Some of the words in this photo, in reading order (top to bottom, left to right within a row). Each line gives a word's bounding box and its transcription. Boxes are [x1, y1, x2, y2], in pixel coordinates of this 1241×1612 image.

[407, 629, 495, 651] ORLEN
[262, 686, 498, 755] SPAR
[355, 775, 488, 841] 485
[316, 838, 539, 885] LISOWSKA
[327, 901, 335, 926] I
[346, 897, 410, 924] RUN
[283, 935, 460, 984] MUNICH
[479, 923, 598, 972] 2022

^^^^

▸ **What to work on**
Exactly as it appears above, write out the complete listing.

▸ **Written answer**
Some of the words in this photo, in reading order (top to bottom, left to right within a row). Each line gives a word's bounding box and its transcription. Boxes are [x1, y1, x2, y2], in pixel coordinates of this 1241×1612 image.

[407, 629, 495, 651] ORLEN
[262, 686, 498, 755] SPAR
[355, 775, 488, 841] 485
[316, 838, 539, 885] LISOWSKA
[327, 901, 335, 926] I
[346, 897, 410, 924] RUN
[283, 935, 460, 984] MUNICH
[479, 923, 598, 972] 2022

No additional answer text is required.